Chaque année, durant les mois de novembre et décembre, Matey Mateev, une figure emblématique de l'industrie du caviar en Bulgarie, intensifie ses efforts pour produire le précieux caviar de béluga. Située dans les Rhodopes, cette région, considérée comme le berceau du mythique Orphée, abrite un lac unique où les esturgeons prospèrent dans des conditions idéales.
"Ici, dans ce lac, les esturgeons rencontrent un environnement naturel similaire à celui de la mer Noire et de la mer Caspienne. La profondeur du lac et la pureté de l'eau de montagne contribuent à la qualité exceptionnelle de notre caviar", explique M. Mateev, visiblement passionné par son savoir-faire.
À 53 ans, Mateev se distingue comme un pionnier de la production de caviar en Bulgarie, un pays qui a vu cette activité se développer dans un contexte économique difficile post-communiste, au milieu des années 1990. Alors qu'il a d'abord commencé par élever des poissons pour leur chair, il s'est rapidement spécialisé dans l'élevage d'esturgeons, en particulier de bélugas, dont la production a débuté dans sa ferme au bord du lac.
La Bulgarie, avec une production annuelle d'environ 520 kilos, est aujourd'hui un acteur significatif sur le marché européen du caviar. Le béluga, reconnu comme le "roi des caviars", est un produit très prisé, mais il nécessite du temps et un investissement considérable pour son élevage. Contrairement aux autres esturgeons, le béluga prend jusqu'à 15 ans pour atteindre sa maturité. "Nous ne récoltons le caviar que sur des poissons de plus de 20 ans", souligne Mateev, avec fierté.
Alors qu'il travaille dans le laboratoire d'extraction et de raffinage du caviar avec son frère et son fils, Mateev affirme que chaque kilogramme de cette délicatesse passe par ses mains. Son entreprise exporte ce délice vers divers pays, notamment la France, où il est particulièrement apprécié dans les établissements de luxe.
Olivier Veillet, directeur régional chez Caviar de Neuvic à Paris, précise que "la saison de consommation du caviar est actuellement à son comble avec les fêtes de fin d'année qui approchent". Vous pouvez vous attendre à payer jusqu'à 192 euros pour une boîte de 30 grammes de caviar béluga, soit de deux à quatre fois plus cher qu’un caviar classique, comme l'indique Charles de Saint-Vincent, fondateur de la Maison Boutary.
La rareté et les saveurs uniques du béluga, qui se caractérisent par de gros grains gris, contribuent à son attrait.
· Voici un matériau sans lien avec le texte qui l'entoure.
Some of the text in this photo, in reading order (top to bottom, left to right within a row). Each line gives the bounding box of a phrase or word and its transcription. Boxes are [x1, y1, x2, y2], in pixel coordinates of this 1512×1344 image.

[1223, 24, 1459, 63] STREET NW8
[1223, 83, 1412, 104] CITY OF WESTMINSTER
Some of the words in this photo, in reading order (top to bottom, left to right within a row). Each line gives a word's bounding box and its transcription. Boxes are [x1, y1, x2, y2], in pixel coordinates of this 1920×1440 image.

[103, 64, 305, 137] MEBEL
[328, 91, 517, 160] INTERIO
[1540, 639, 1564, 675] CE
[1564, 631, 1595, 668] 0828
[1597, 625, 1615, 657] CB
L'icône américaine Elizabeth Taylor les appelait même "ses grey babies". En termes de goût, le béluga se distingue par sa richesse en texture et sa douceur caractéristique.
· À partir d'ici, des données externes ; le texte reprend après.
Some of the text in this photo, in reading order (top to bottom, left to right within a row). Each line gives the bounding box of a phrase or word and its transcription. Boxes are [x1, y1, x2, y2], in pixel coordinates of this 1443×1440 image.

Selon Eurostat, la production mondiale de caviar avoisine les 500 tonnes, avec l'Italie et la France comme leaders européens. Cependant, la production de caviar de béluga reste marginale, représentant environ 1 % de cette quantité totale, ce qui en fait une niche pour les producteurs comme Mateev.
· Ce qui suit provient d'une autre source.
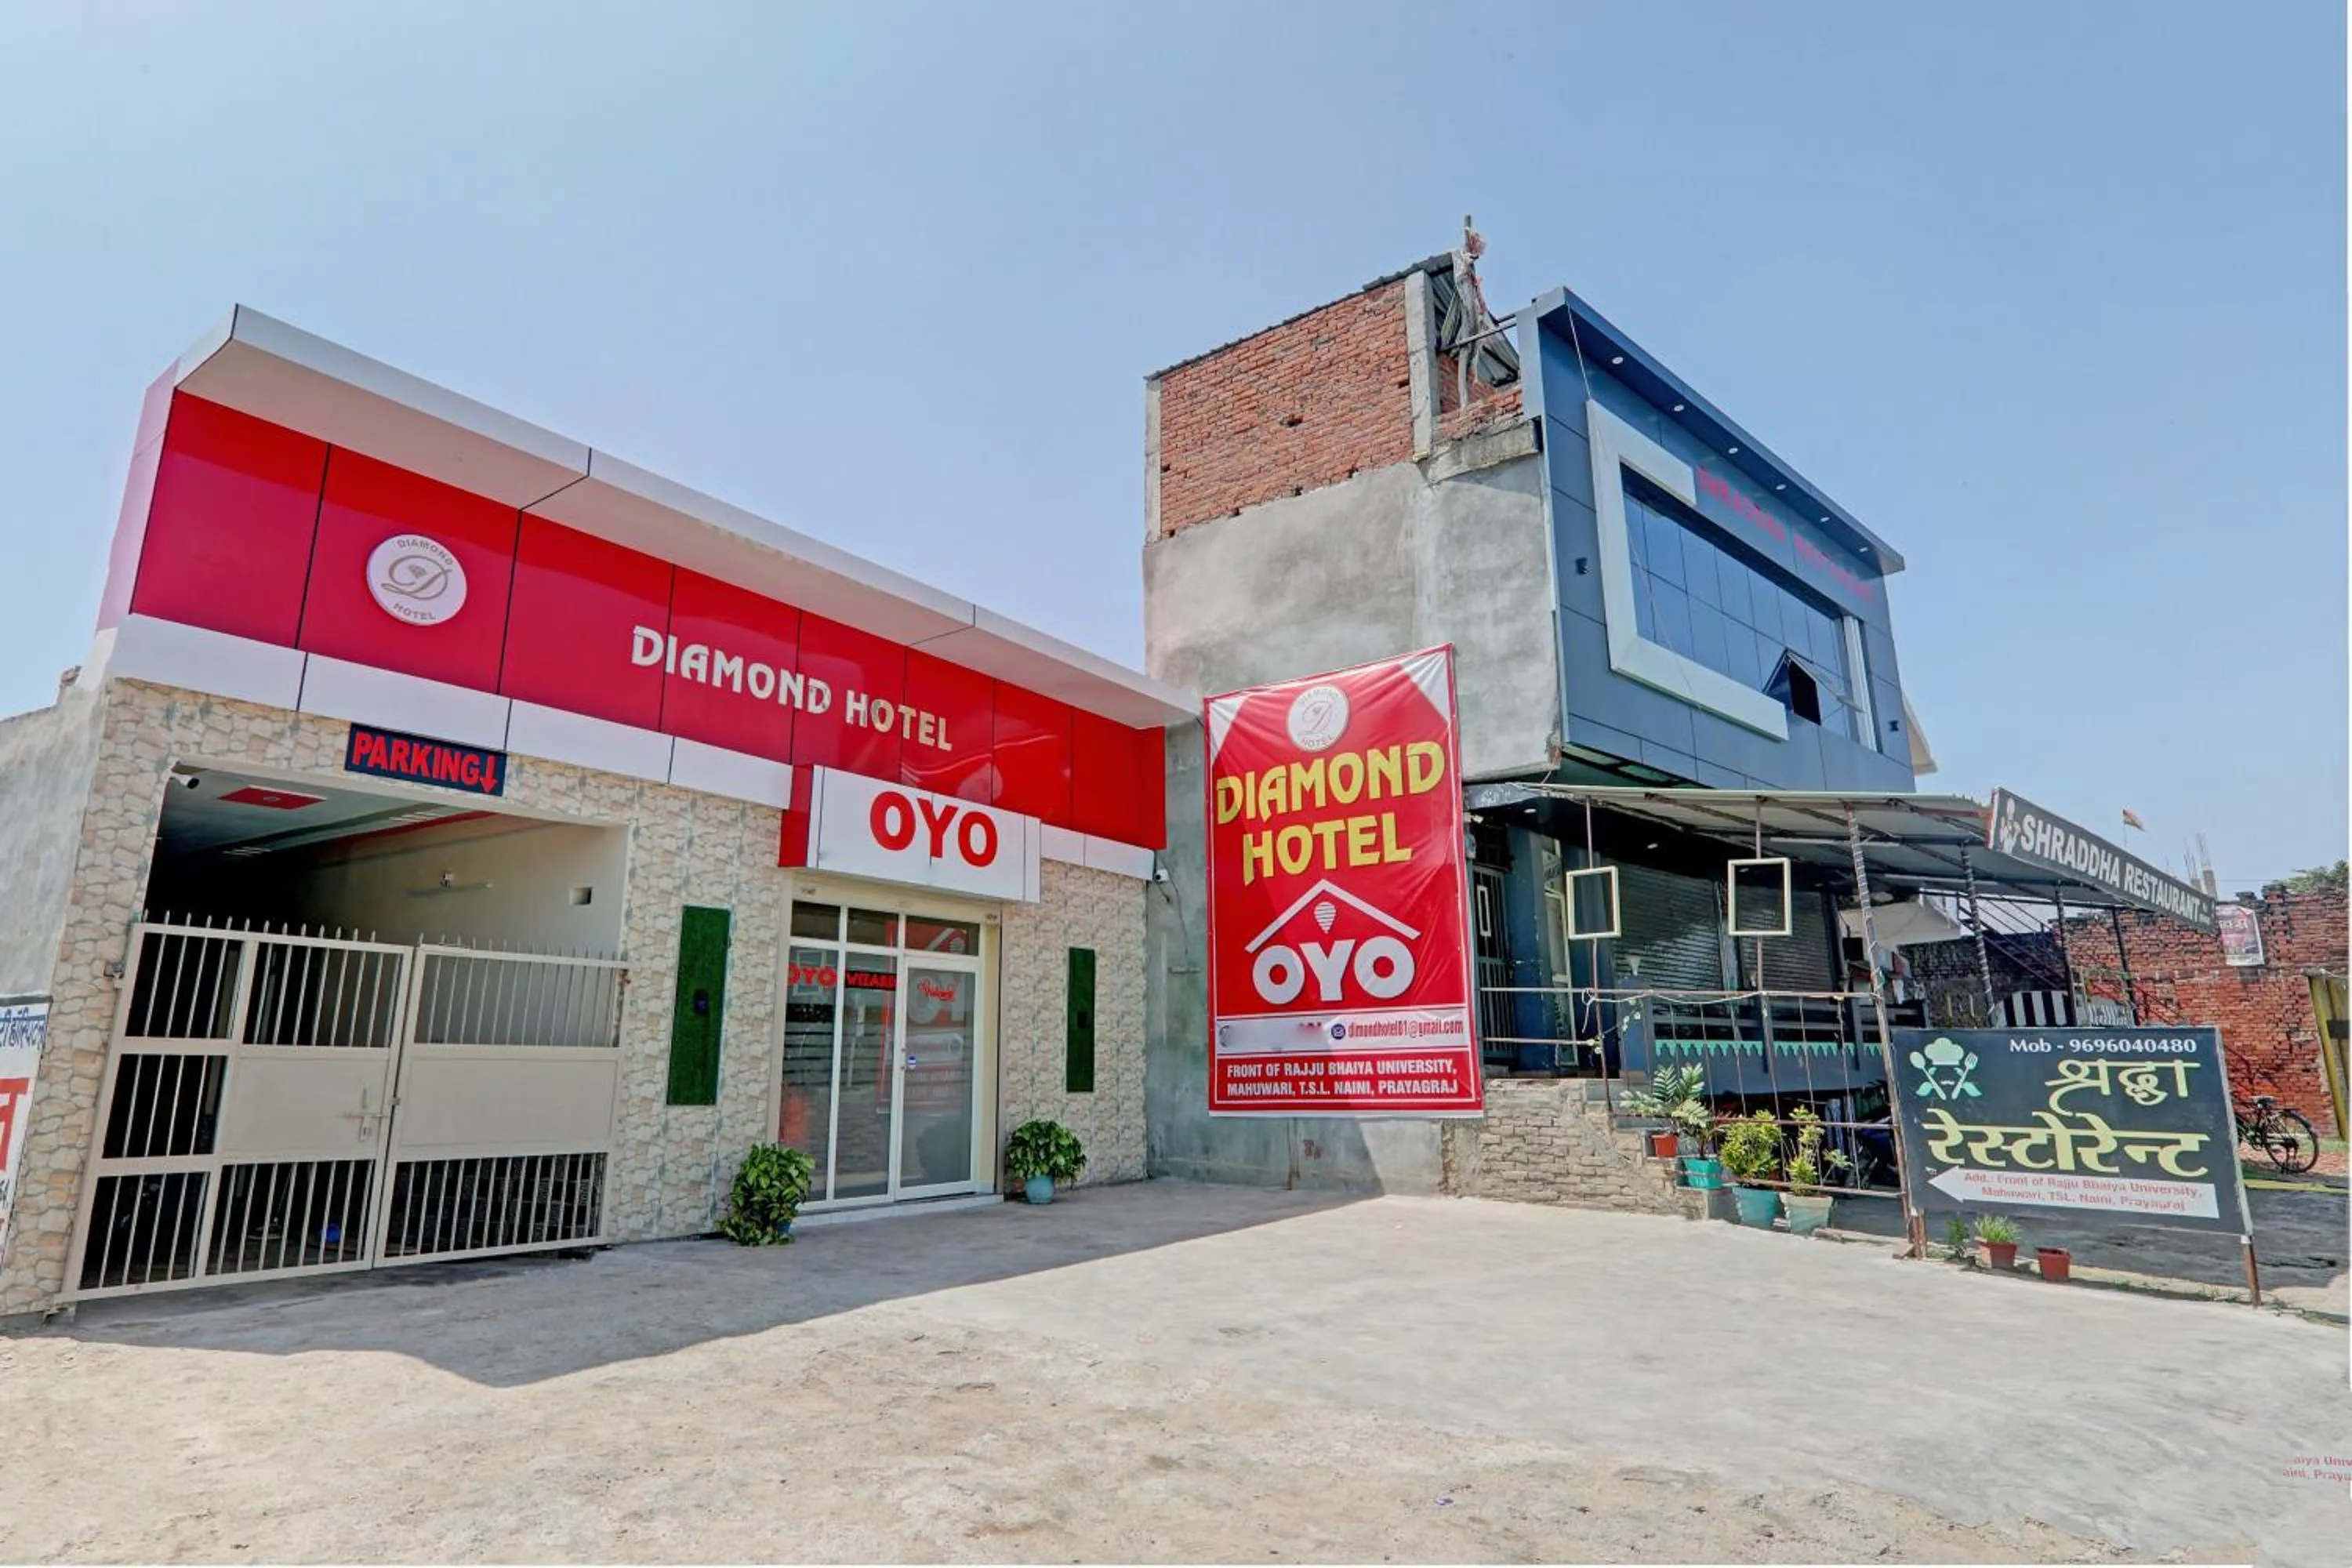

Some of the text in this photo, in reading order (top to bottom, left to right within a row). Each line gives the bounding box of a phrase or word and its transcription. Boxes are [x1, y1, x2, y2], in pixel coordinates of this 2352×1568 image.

[397, 539, 453, 565] DIAMOND
[394, 602, 437, 620] HOTEL
[630, 626, 953, 751] DIAMOND HOTEL
[352, 730, 481, 786] PARKING
[1216, 741, 1445, 824] DIAMOND
[869, 791, 998, 867] OYO
[1243, 812, 1412, 886] HOTEL
[2020, 814, 2201, 923] SHRADDHA RESTAURANT
[1252, 935, 1415, 1004] OYO
[1227, 1058, 1457, 1077] FRONT OF RAJJU BHAIYA UNIVERSITY,
[2009, 1038, 2052, 1053] Mob
[2069, 1039, 2198, 1053] 9696040480
[1377, 1079, 1458, 1094] PRAYAGRAJ
[2045, 1058, 2201, 1116] श्रद्धा
[1997, 1174, 2028, 1185] Front
[2032, 1177, 2043, 1186] of
[2048, 1178, 2078, 1189] Rajju
[2082, 1179, 2126, 1192] Bhaiya
La Bulgarie a su s'imposer dans ce domaine grâce à ses eaux naturelles, et malgré la prospérité de l'élevage, les populations d'esturgeons sauvages sont en danger. En conséquence, le gouvernement bulgare a annoncé la suspension de la pêche pour protéger ces espèces menacées, affecté par la surpêche et la pollution. Une interdiction qui prendra effet le 1er janvier 2026, et qui marque un tournant dans la protection de la biodiversité bulgare.